I enjoy idle speculation, and like many libertarians I like to speculate on the following question: If you could make one big change, what would it be? In other words, what’s the real big issue.
I’m increasingly convinced that the one big issue is immigration. If we opened borders internationally, world GDP would increase by an estimated 50-150%. World income would double! That’s incredible. All those people living on $2 per day would suddenly by doing significantly better if they could only be allowed to work for you!
And the benefits don’t stop there! Gains from trade! By now we all should understand that if I work for you it’s because I value my wages more than my time and you value my time more than the wages (and payroll taxes, and administrative costs) that you pay in order to hire me. So by letting poor people into America they gain by making their employers better off. Their employers are made better off by making their customers better off. You and I are those customers.
So why isn’t this already happenings. There are three basic oppositions.
- They’ll use public services without paying taxes.
- They’ll depress wages and steal jobs
- They might be dangerous. Either because they’ll commit crimes, or they’ll vote for stupid things (like restricting immigration).
I’m not including a more traditional reason for opposing liberalized immigration: xenophobia and racism. Xenophobia makes sense from the perspective of evolutionary psychology, but it’s not a legitimate reason, and it’s one we can choose to be bigger than.
Okay, so point one, simple solution: give anyone who wants one a work visa. Problem solved. Anyone can come here, but nobody is automatically eligible for public services. They’re above board, on the grid, we can see them, and if they commit crimes they’re out. But they’re obliged to pay into a system that they can’t exploit.

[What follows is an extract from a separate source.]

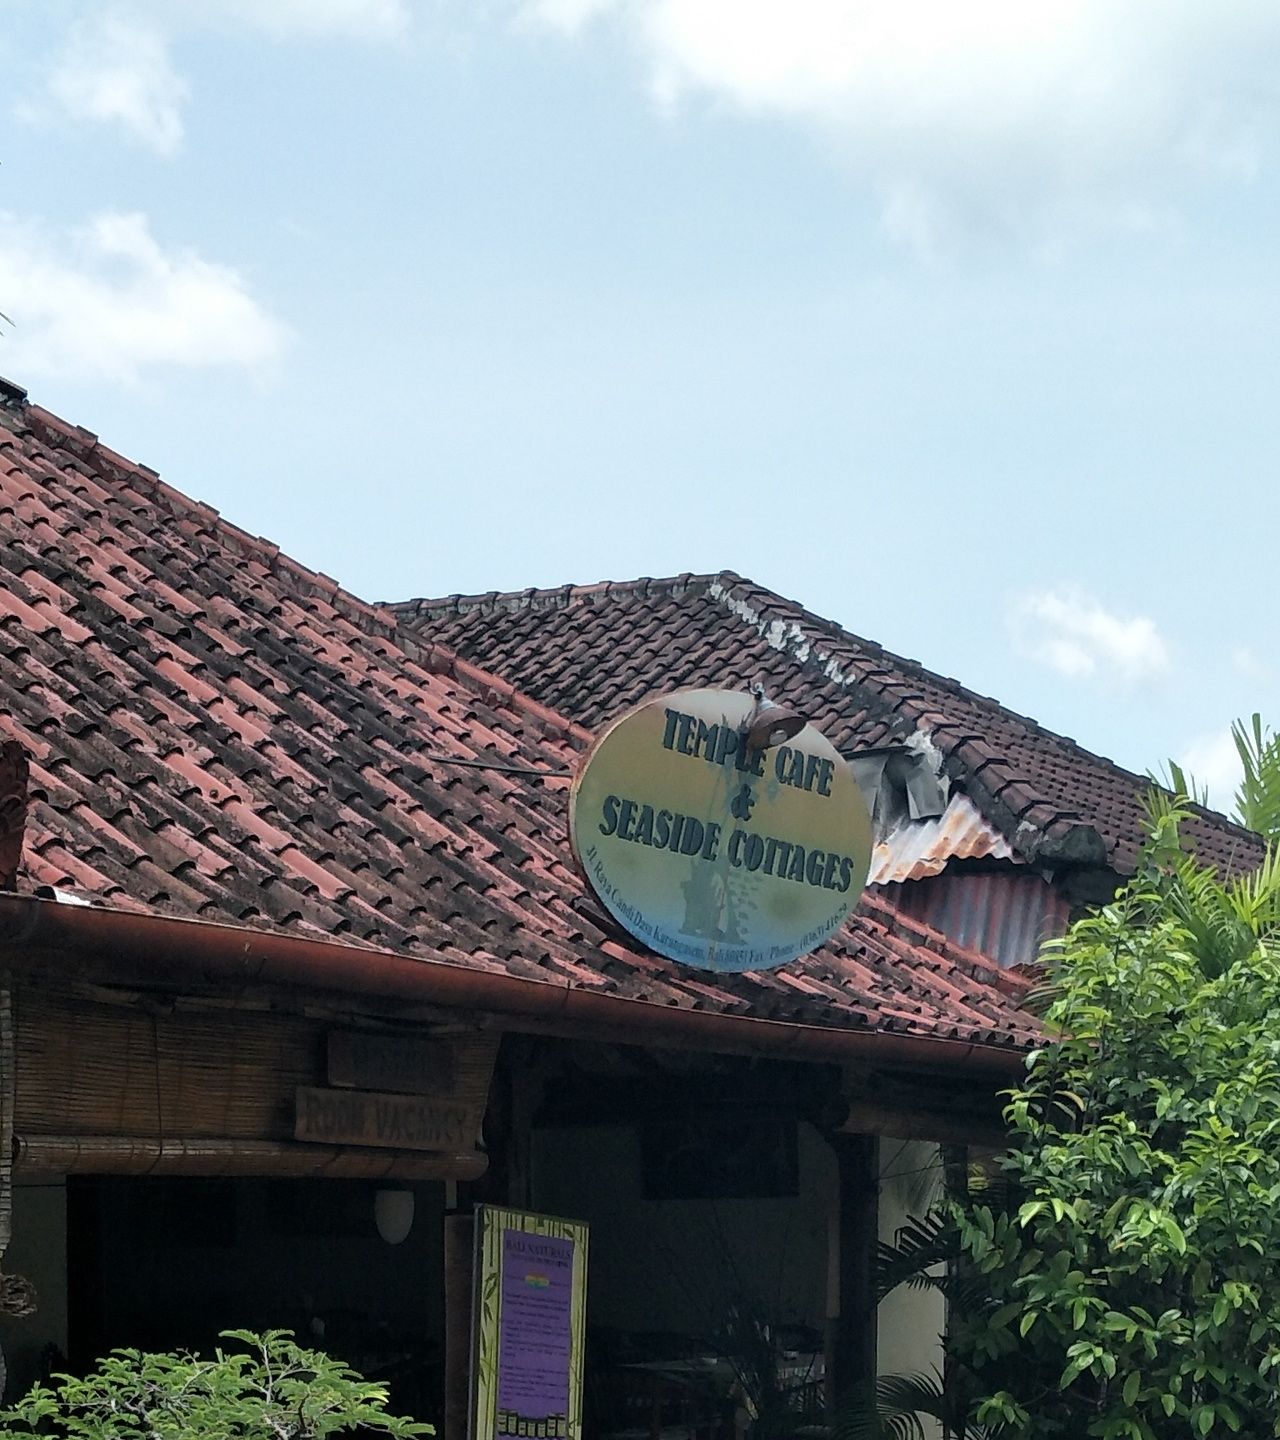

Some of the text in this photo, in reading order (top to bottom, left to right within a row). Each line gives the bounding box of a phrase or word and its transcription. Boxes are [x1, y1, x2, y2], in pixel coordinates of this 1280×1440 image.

[663, 707, 835, 797] TEMPLE CAFE
[598, 795, 854, 893] SEASIDE COTTAGES
[730, 784, 755, 821] &
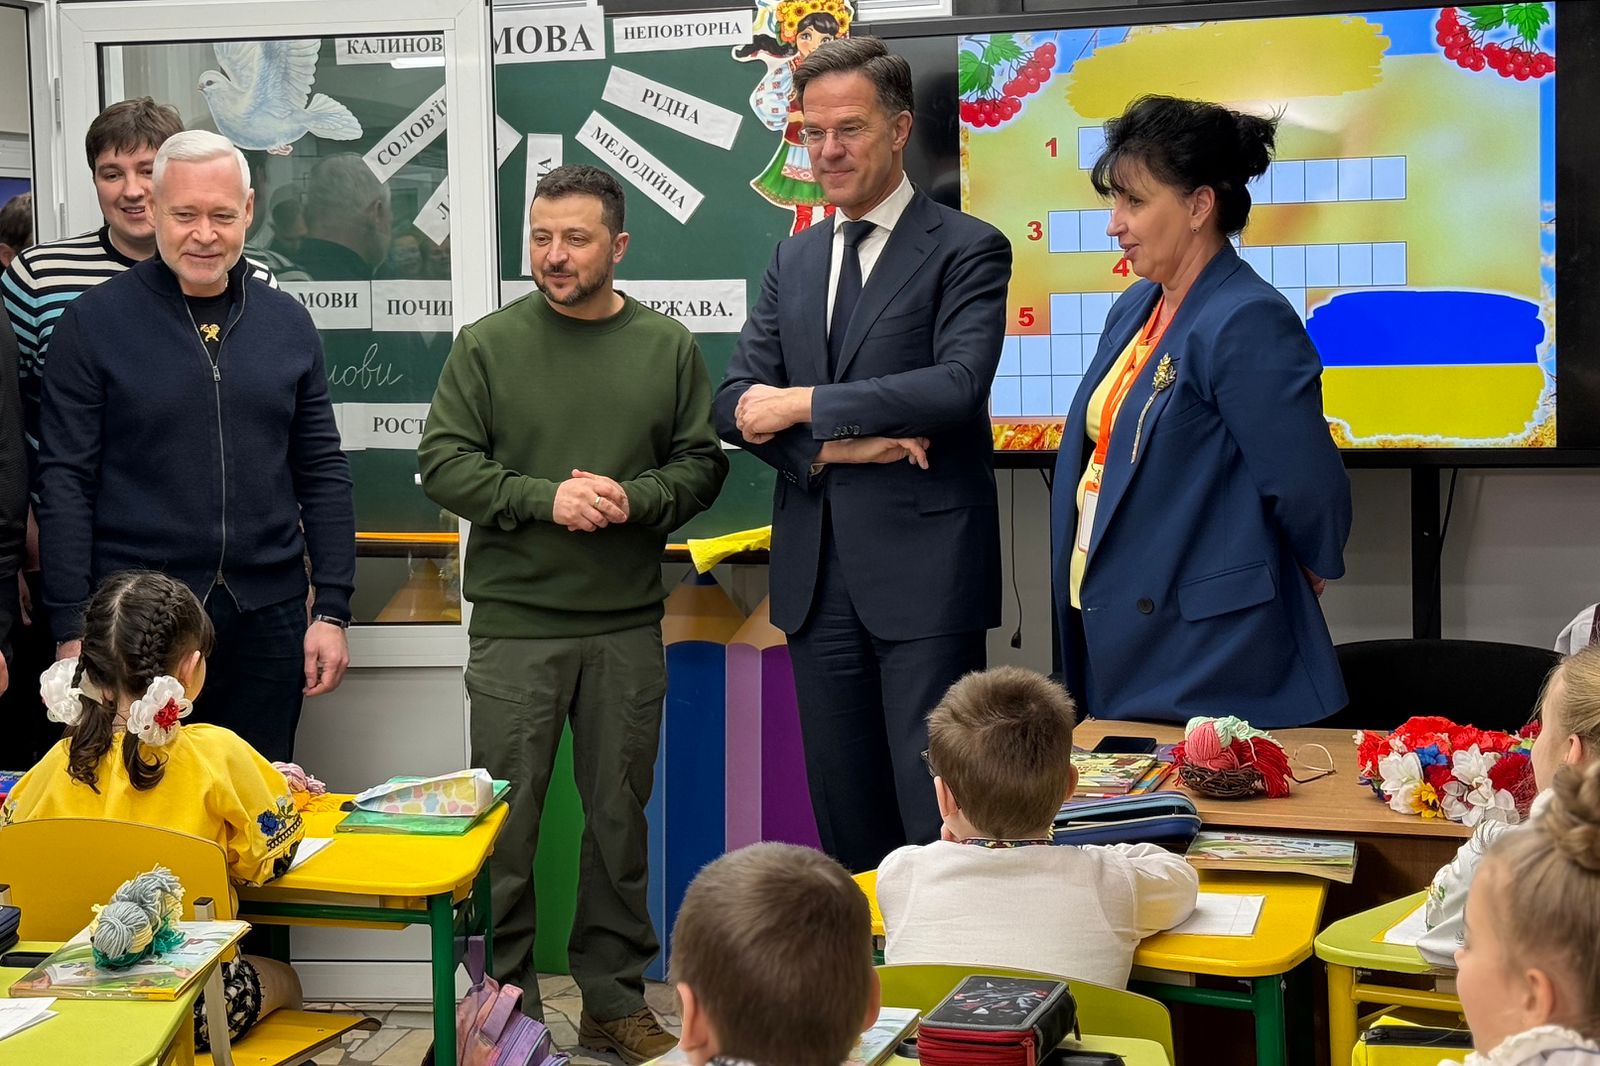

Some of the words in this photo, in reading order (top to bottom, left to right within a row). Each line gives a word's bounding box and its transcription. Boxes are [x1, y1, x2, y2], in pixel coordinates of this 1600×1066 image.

Point two: empirical evidence is that the only group in America genuinely negatively affected are high school dropouts. Want to increase high school graduation rates? Increase the cost of dropping out by letting in immigrants. Everyone else is made more productive because immigrants have different skills than natives, creating opportunities for gains from trade. They are complementary to us, and so make us better off by working along side us. Imagine a lone man on an island. He’s a baker. If he meets another marooned baker, it’s nice, but not as nice as if he meets a marooned butcher.
Point three: first off, getting rid of illegal immigration will make it easier to keep people safe from the foreign menace. Second, immigrants currently have lower incarceration rates than natives. Besides, it’s cheaper to punish them: just deport criminals. No feeding, sheltering, and clothing them; just ship them off. For voting: again, just give them a worker’s visa that doesn’t let them vote.
So what’s the takeaway? A simple policy of letting people come into the U.S. to live and work will make nearly everyone better off, especially the world’s desperately poor. America’s poorest (high school drop outs) may suffer, but there are fairly simple ways to address that. Here’s one: use a slice of the tax revenue from the new immigrants to pay for GED’s, and a stipend to give these folks time to study and pass the test. If they aren’t willing to do that, then that’s on them. If they have some disability that prevents it (maybe they dropped out because of undiagnosed learning disorders), then address those problems, because with that increased tax revenue we can afford to. And anyone born after 1999 is responsible for graduating high school and will be told the costs of failing to do so.
What do we get out of it? International poverty reduction, local wealth increase, a more cosmopolitan society, and a better, more humane world.